When Nikhat Khatun was growing up she saw her mother, who worked as a domestic help, struggle to raise her and her two siblings.
The 25-year-old now works at a clinic and earns enough to take care of her mother and manage the family expenses. Her mother no longer works at people’s homes.
“When we were growing up, my mother worked as a domestic help, carried bricks at construction sites and did whatever she could to earn a little more,” Nikhat told Metro.
It was her mother’s hard work and struggles that made Nikhat a little more resolute towards her goal while still in school.
Nikhat went to Future Hope.
A day scholar, she would ask her teachers to let her stay in the school hostel during exams because the house where she lived with eight other members did not give her the scope to study.

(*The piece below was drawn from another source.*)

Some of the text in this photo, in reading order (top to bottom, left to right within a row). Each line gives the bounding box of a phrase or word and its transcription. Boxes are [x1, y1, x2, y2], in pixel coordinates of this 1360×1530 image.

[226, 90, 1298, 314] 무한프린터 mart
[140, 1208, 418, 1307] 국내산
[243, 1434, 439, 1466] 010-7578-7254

“It used to be chaotic,” she said.
Nikhat did not have the privileges many her age enjoyed or took for granted.
“I did not have many expectations because I know one cannot have it all. I was satisfied that I was getting educated. My priority was education because I knew that would be my tool to change my circumstances,” said Nikhat.

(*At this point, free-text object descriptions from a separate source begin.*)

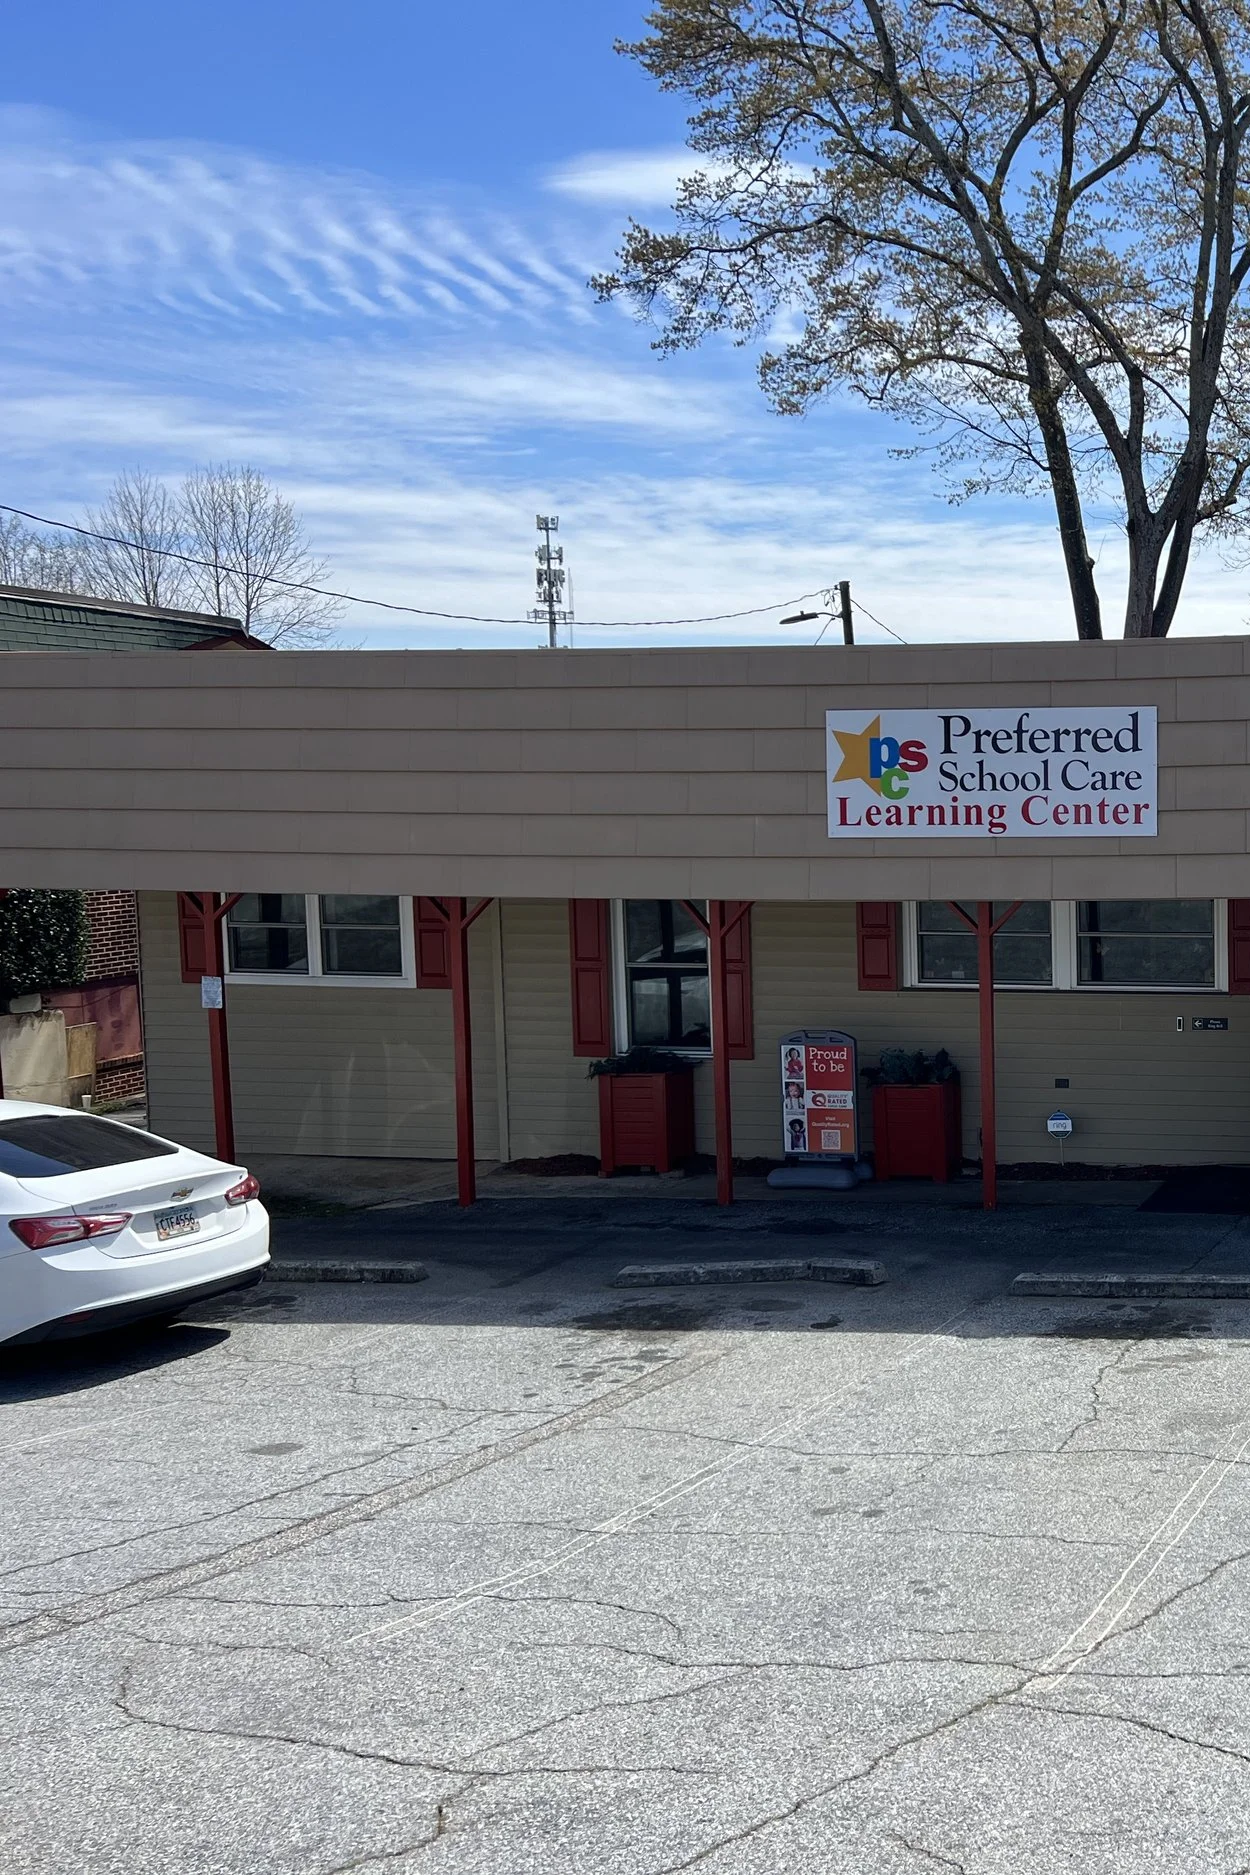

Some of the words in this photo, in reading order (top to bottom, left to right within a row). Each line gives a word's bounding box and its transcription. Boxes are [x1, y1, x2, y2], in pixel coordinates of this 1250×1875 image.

[938, 711, 1142, 755] Preferred
[938, 759, 1052, 792] School
[1060, 759, 1143, 792] Care
[835, 796, 1008, 835] Learning
[1020, 795, 1150, 826] Center
[809, 1047, 847, 1060] Proud
[812, 1060, 826, 1072] to
[830, 1061, 845, 1072] be

“Initially, my goal was to complete my education and then get a job. But I graduated in 2021 and I was scared because at that time people were losing jobs and here I was a fresh graduate desperate to get a job,” she said.
She has been working at a south Calcutta homeopathy clinic since November 2021.

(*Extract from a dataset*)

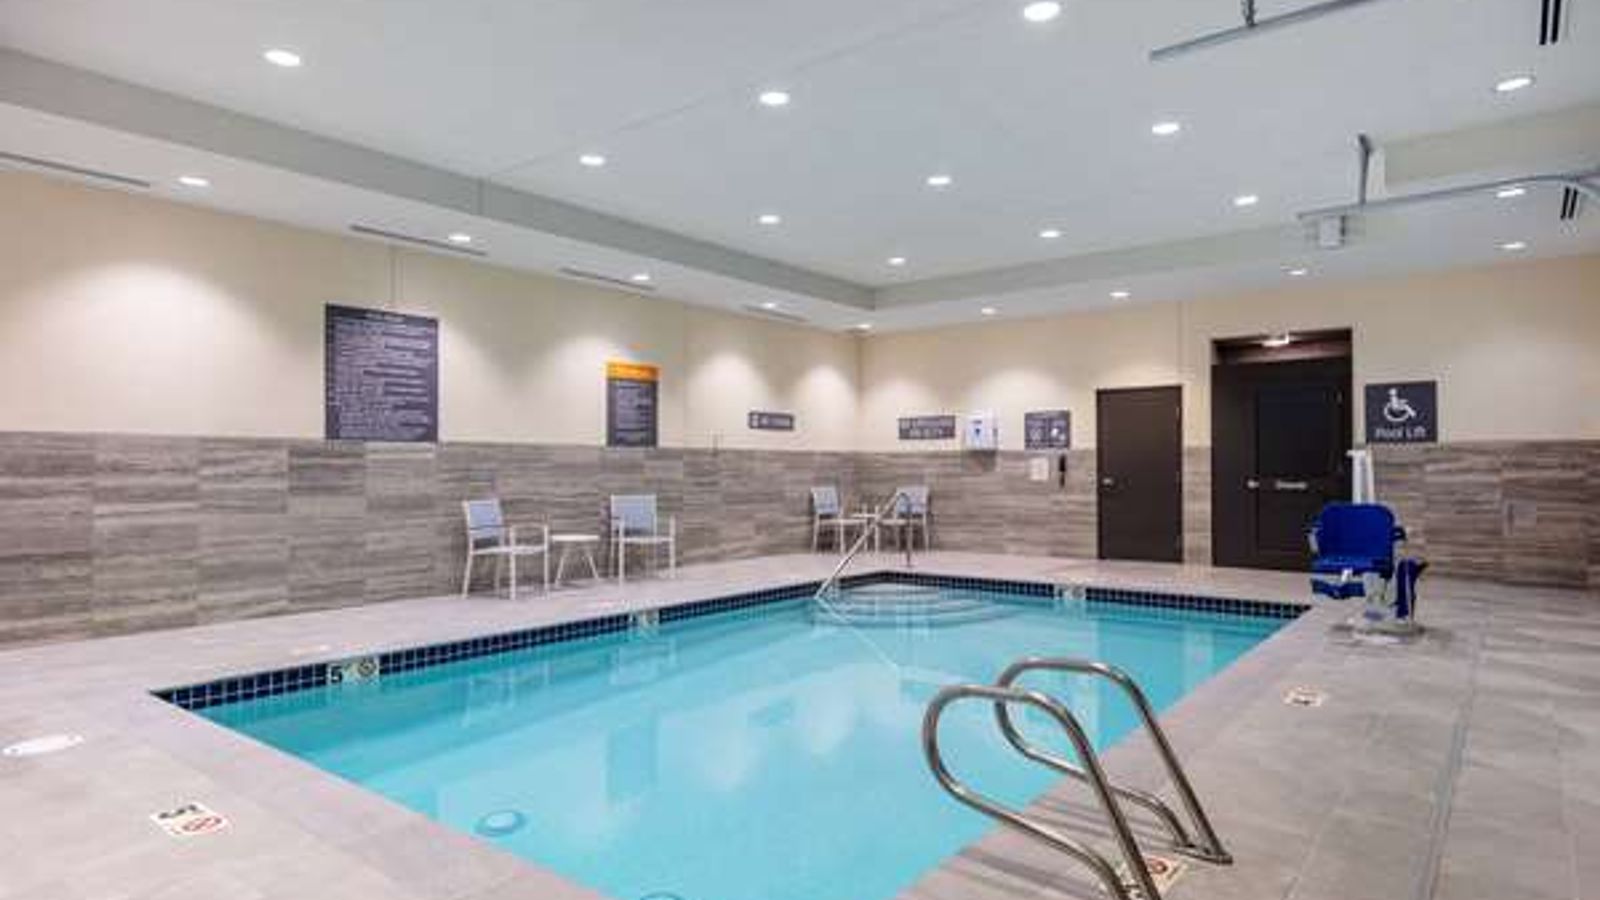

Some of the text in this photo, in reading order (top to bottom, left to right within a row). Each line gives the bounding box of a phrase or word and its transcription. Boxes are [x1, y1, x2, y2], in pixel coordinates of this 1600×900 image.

[1375, 425, 1427, 438] Pool Lift
[330, 665, 343, 683] 5

Nikhat is simultaneously pursuing an MBA through distance learning.
After completing Class XII, she went Acharya Institute of Graduate Studies in Bangalore.
Coming this far was not easy.
Her father died when she was a little girl and it was her mother who brought up the three children. Nikhat was the eldest of the three.
“Till Class VIII, I was in a hostel. But in Class IX, because of some internal dispute, the hostel shut down. It was then that my mother took me to Future Hope. Since then, till I got a job, Future Hope has taken care of me,” she said.
“There were long periods when we would live separated from our mother (in hostel) and that would be upsetting. But I now have the maturity to understand that she did that to ensure that we study. Unlike many others around me, my mother never insisted that I get married instead of doing a job,” said Nikhat.
Nikhat visits her alma mater to speak to the girls and boys, all of whom are fighting financial challenges every day.
“I see myself in many of them. I like going back to Future Hope to talk to the students there. I tell them my story, where I came from. I hope that will motivate them. I tell them it is important to have a goal in life and be focused,” she said.
Sujata Sen, chief executive officer of Future Hope, said an alumna coming back was a source of inspiration for current students.
“They (alumni) would have had similar experiences and have gone through the system. They share their experiences and how they overcame hurdles, which inspires the current students,” said Sen.